Things I’ve learned from my Irish Catholic relatives

Posted by Catherine on May 18, 2010 in Family Ties that Cut Off the Circulation, Irish issues |

First of all, I recognize the redundancy of the title. One of the first things I learned was that if you’re Irish, you’re Catholic. Protestants are of British descent. And you’re supposed to say that with a very sad look, as if you pity the poor limey bastard.

What about Irish Jews and Buddhists and atheists? They get plenty of pity, too, but for entirely different reasons.

Regardless, and despite the inherent trickery of some of these beliefs, or the fact that a few originate from the Greeks, I’ve learned more from my Irish family than from school or books or Oprah. Their wisdom and knowledge float through my heart, mind and soul. Their lessons color the lens through which I view the world.

And they are at least partly to blame for my stubborn streak and periodic panic attacks.

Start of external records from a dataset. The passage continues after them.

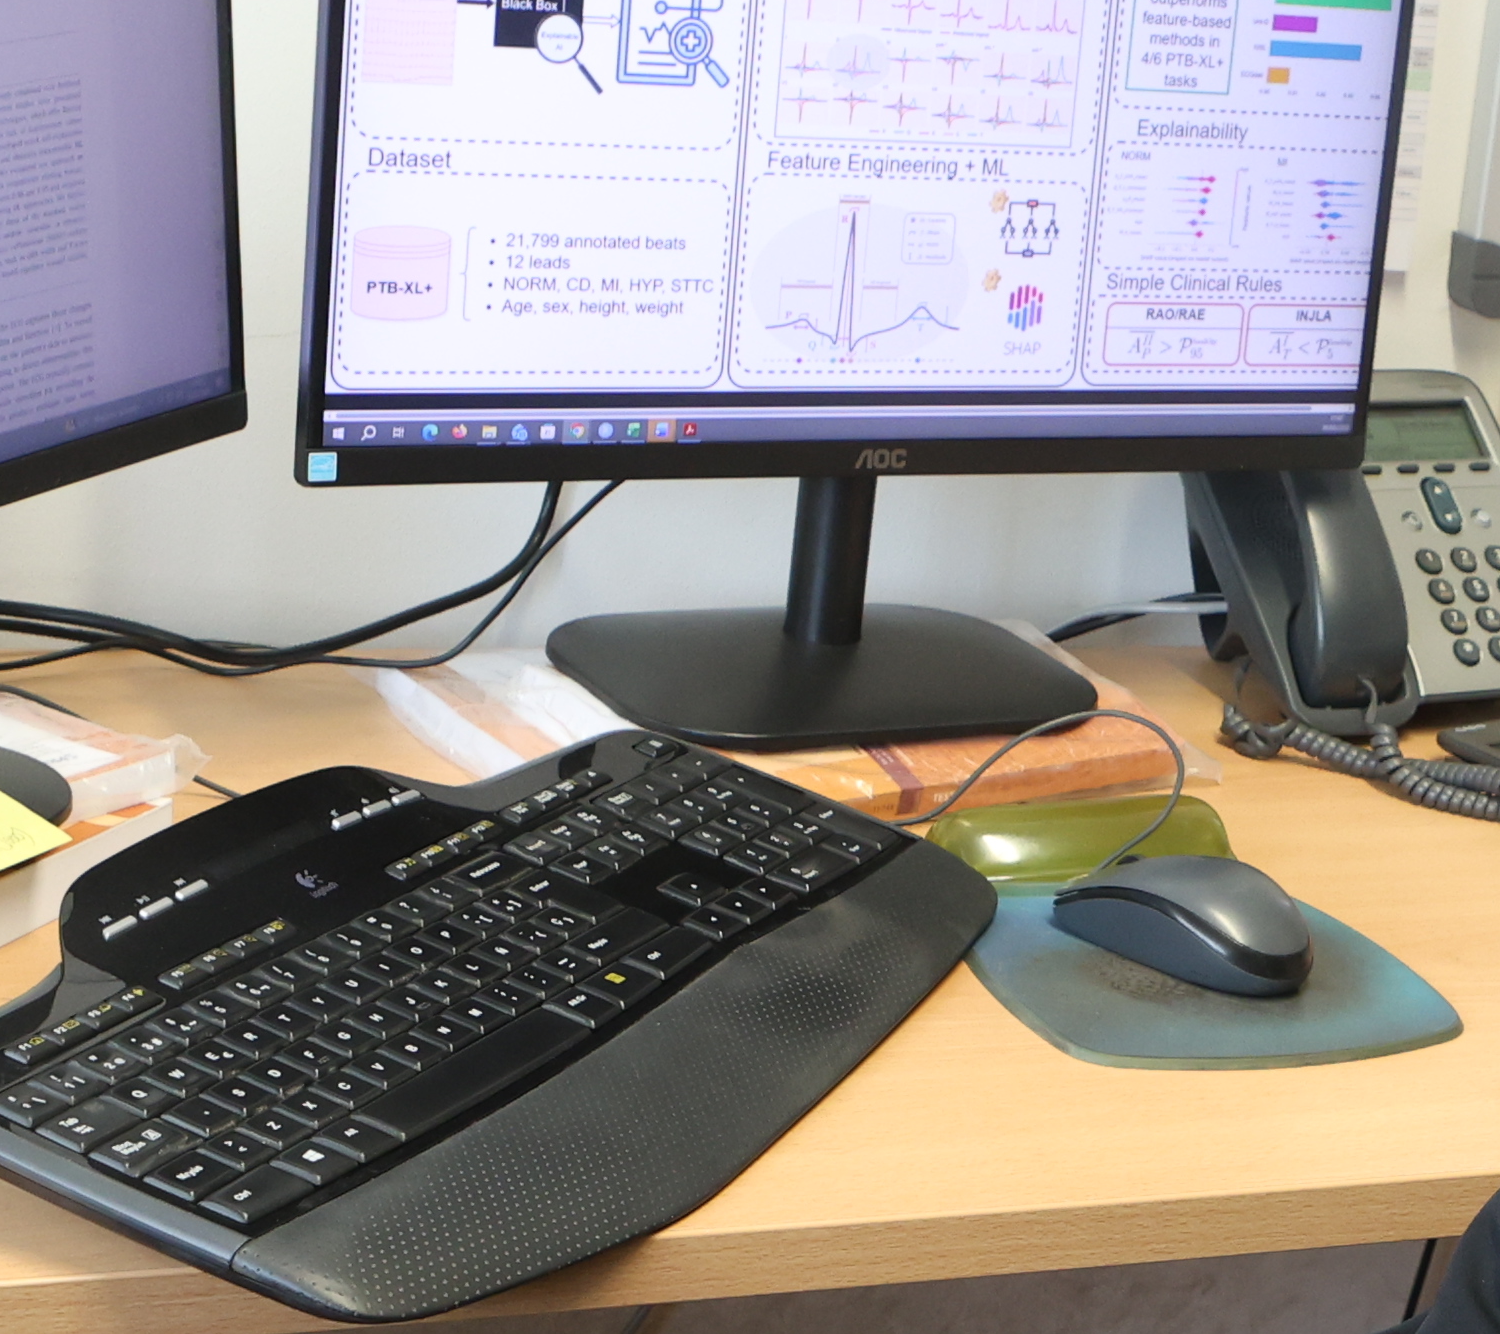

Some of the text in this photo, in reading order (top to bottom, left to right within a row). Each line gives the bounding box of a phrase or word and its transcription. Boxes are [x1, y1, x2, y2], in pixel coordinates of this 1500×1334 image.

[536, 0, 558, 12] Box
[1142, 10, 1232, 30] feature-based
[1149, 32, 1221, 49] methods in
[1141, 51, 1224, 69] 4/6 PTB-XL+
[1164, 72, 1198, 88] tasks
[1137, 118, 1248, 144] Explainability
[368, 147, 452, 169] Dataset
[767, 150, 1010, 180] Feature Engineering + ML
[1121, 150, 1151, 162] NORM
[506, 233, 686, 251] 21,799 annotated beats
[506, 255, 571, 270] 12 leads
[366, 280, 434, 295] PTB-XL+
[504, 277, 714, 295] NORM, CD, MI, HYP, STTC
[1107, 273, 1282, 294] Simple Clinical Rules
[501, 299, 684, 317] Age, sex, height, weight
[1146, 307, 1206, 321] RAO/RAE
[1003, 341, 1041, 355] SHAP
[855, 448, 908, 469] AOC

Such lessons break down into two categories: Philosophies and Sayings, which really form a complete way of being. I can’t possibly list them all, but here a few of my favorites and the ones least likely to cause severe emotional damage.

Philosophies

The recent environmental catastrophes are because of abortions. Really. Isn’t everything?

Alcohol helps toddlers deal with new teeth and helps parents deal with toddlers. Don’t knock it till you’ve tried it.

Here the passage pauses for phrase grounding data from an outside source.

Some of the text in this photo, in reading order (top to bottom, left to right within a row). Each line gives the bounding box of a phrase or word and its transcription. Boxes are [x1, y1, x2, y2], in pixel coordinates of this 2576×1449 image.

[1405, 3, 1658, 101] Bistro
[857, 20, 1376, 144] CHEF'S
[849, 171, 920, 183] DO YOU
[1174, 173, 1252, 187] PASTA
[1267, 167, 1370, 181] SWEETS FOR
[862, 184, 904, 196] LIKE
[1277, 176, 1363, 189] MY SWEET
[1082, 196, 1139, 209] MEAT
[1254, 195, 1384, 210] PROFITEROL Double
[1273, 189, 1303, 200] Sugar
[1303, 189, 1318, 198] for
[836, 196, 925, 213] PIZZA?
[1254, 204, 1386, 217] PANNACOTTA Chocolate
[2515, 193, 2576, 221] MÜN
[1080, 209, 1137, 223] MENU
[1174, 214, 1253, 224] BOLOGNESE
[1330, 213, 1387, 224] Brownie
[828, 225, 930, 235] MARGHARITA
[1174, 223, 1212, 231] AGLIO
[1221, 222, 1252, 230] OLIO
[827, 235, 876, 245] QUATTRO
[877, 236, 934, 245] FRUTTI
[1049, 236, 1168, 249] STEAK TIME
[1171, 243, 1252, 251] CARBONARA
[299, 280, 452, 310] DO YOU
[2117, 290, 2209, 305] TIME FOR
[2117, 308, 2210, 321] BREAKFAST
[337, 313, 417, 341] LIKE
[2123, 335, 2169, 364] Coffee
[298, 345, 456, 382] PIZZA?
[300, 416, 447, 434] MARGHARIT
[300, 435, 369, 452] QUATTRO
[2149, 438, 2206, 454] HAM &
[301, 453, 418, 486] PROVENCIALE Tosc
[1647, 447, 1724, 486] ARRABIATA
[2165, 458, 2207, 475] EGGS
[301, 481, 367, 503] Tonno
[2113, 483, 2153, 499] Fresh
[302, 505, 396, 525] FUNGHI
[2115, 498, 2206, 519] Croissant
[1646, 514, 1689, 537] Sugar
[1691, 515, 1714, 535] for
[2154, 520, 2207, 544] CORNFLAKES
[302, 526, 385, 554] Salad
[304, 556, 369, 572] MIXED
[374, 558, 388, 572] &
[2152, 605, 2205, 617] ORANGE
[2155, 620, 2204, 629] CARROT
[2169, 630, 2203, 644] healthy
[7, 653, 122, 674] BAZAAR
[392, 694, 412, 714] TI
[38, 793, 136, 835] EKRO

Episcopalians need our prayers. Really. Doesn’t everyone?

The D in D-Day stands for Durkin. Don’t get us started!

Boozy breakfasts are perfectly acceptable. Two words: beer pancakes.

Crimes committed in the 1960s are a terrific topic to discuss at a party with the kids. They gotta learn sometime.

The goddamn Mexicans in North Carolina are out of control. The best response: smile, take a sip of wine, and say, “Only in North Carolina Uncle Barry?”

Better to marry a black man or a Jew than an Italian. Them cats is crazy!

The following animals smell fear and therefore you should always avoid direct eye contact: Rottweilers, brown bears protecting their young, and cousins from Windsor. Seriously. Sonia will cut you.

“Send money” is the best way to end a letter or email. Thoughts are nice, but it’s the gift that counts.

Audible digestion is good manners, goddamn it. It ain’t nice, if you don’t taste twice.

Sayings

Where ignorance predominates, there is no chance for decency. Grandpa used to say this all the time. Can you tell that he was the only one not drinking?

Put a broom up me arse so I can sweep as I go along. This is typically uttered by an overworked mother and wife while she cooks dinner, helps with homework, unloads the dishwasher, and answers hate mail right after the phone rings and a suicidal friend needs to be talked off a ledge.

Oh, you’re a shitty article. = You suck.

If she can sleep with him, we can eat with him. Every family has at least one member who brings home an ass. You may have to put up with him for the next 40 years, so learn it, know it, live it.

You can’t win a battle of the wits with someone who is unarmed. Right. Cause “You can’t win a pissing contest with a prick” is rude.

Never let the truth get in the way of a good story. I’m Irish and a storyteller. ‘Nuff said.

They come by it honestly. This is usually said by older relatives when I’m talking about my kids and their stubborn, willful, and opinionated antics. It means something akin to, “Paybacks are hell.”

Too bad about you. (Said with a northeastern Pennsylvania accent, it sounds more like “toobadaboucha.”) This is said to a kid who doesn’t want to apologize, return the stolen bubble gum, or go to confession.

Be the hush. Right. Cause “Shut the fuck up” is rude.

I don’t know the hell. Really. Who does?

Fight nice. – Because you’d hate to see us fight mean.

Go shite in your shoe. The preferred response to a kid who says, “There’s nothing to do.”

Laughing only encourages her. Amen. So keep it up.